Like the film, which spends much of its time underwater, much of this Creature is silent, with Adams doing his best visual storytelling. But truly it is letterer Lois Buhalis who is having the most fun, gleefully wringing every ounce of tension and terror from her onomatopoetic arsenal of SPLASHes, WUNKs, and GRAAOUGHs. Scott McCloud has said that a key feature of comics is that they funnel all five senses "through the central conduit of vision," and on that count Creature is one of the noisiest comics I've ever read. Yet simultaneously the comic is also an exercise in restraint; you might expect Adams to draw the Gill-Man every chance he gets, but Adams follows the film's cue and keeps the creature just out of sight until the anticipation is at its highest. Those panels when he surfaces, then, are — as Spencer Tracy once put it — cherce.

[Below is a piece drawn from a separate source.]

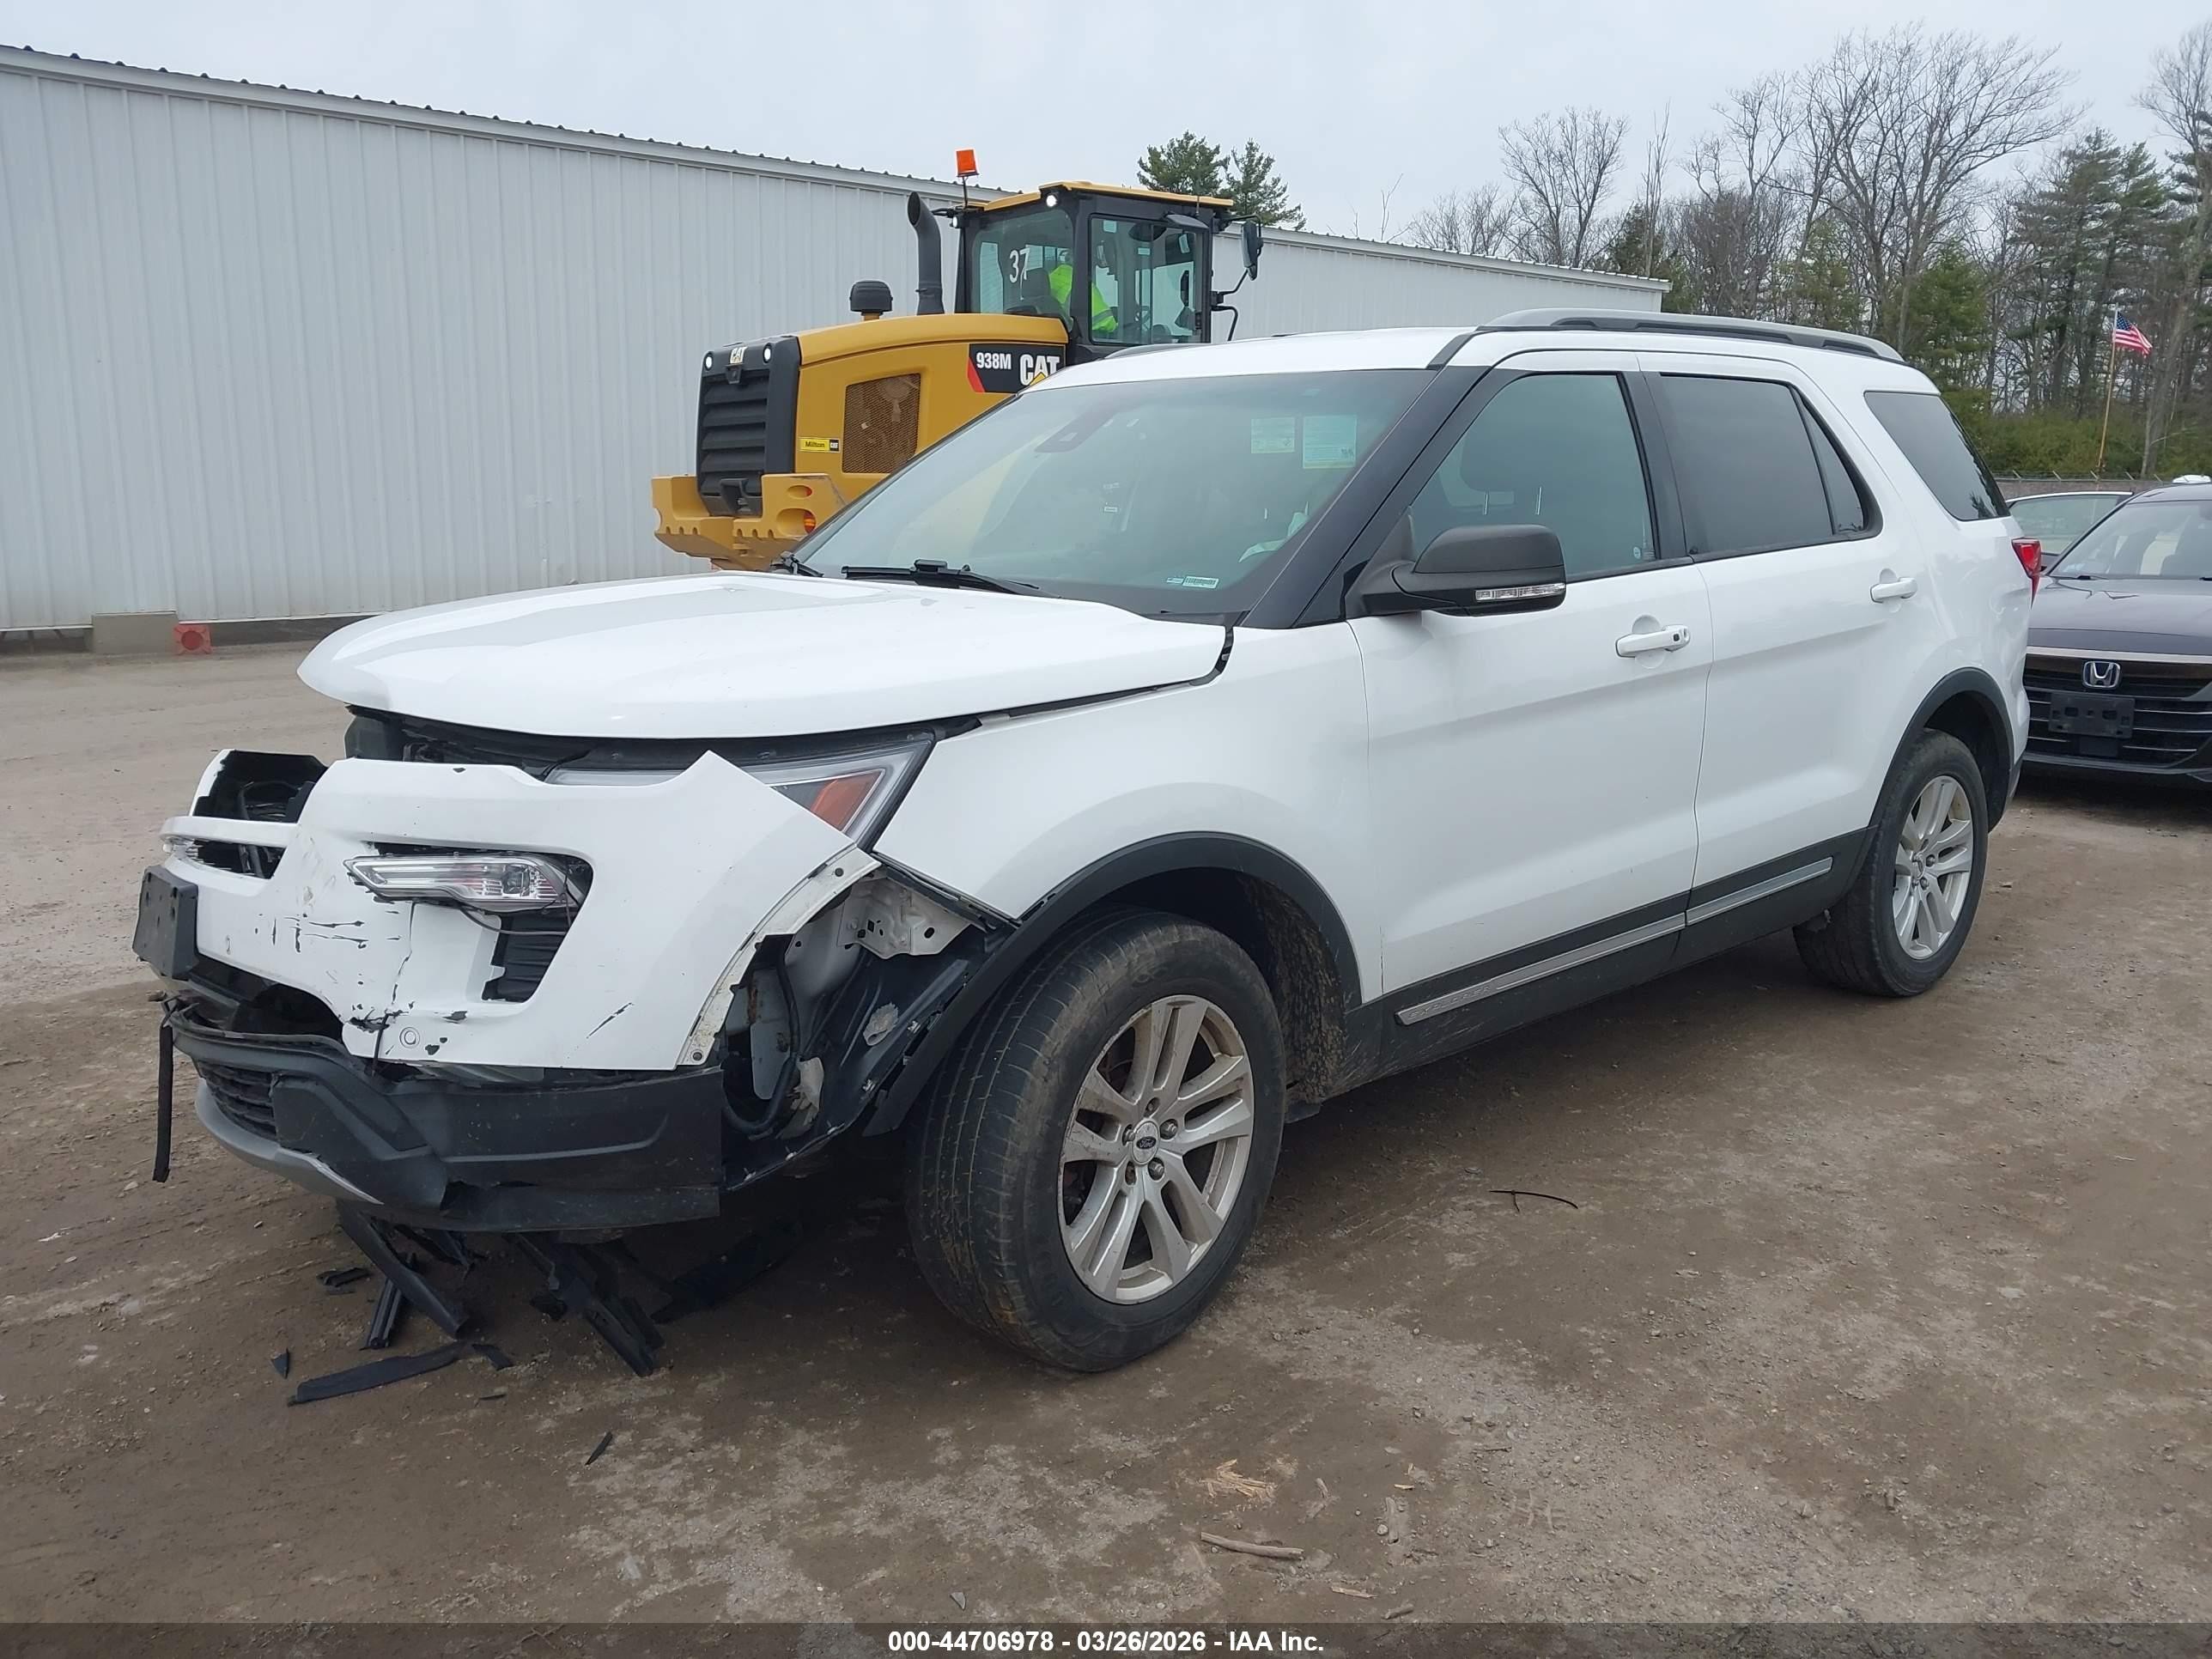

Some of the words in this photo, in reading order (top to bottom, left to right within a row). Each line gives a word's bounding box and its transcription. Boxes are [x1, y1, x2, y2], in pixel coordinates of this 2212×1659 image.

[1009, 247, 1030, 283] 37
[975, 352, 1012, 370] 938M
[1019, 354, 1060, 386] CAT

Dracula might be the most interesting adaptation, but I might be a little biased when I claim that Creature is the most fun. Ultimately, any fan of the Universal Classic Monsters would do well to seek out a copy of Cavalcade of Horror, though anyone new to the monster mythos might be better served with the original films from the 1930s and '50s. (The only monster debut from the 1940s, The Wolf Man, is conspicuously absent from this book. I've read that Lawrence Talbot was supposed to get his own one-shot, but I can't find much else about this series online.) Indeed, it's hard to imagine this book landing for an audience who isn't already in the monster camp; like most movie adaptations, these are a little stodgy and overly indebted to the cinematic frame as tableau for the comics panel. You might recognize familiar stagings in these comics, as when Karloff's Mummy first lurches from his sarcophagus. But you'll also find what comics do best — distill time into a series of nevertheless potent static images.
Whether it's the Frankenstein monster lumbering into frame or the Gill-Man lunging between panels, Cavalcade of Horror is proof enough that these monsters are just as potent in two dimensions as they were in three.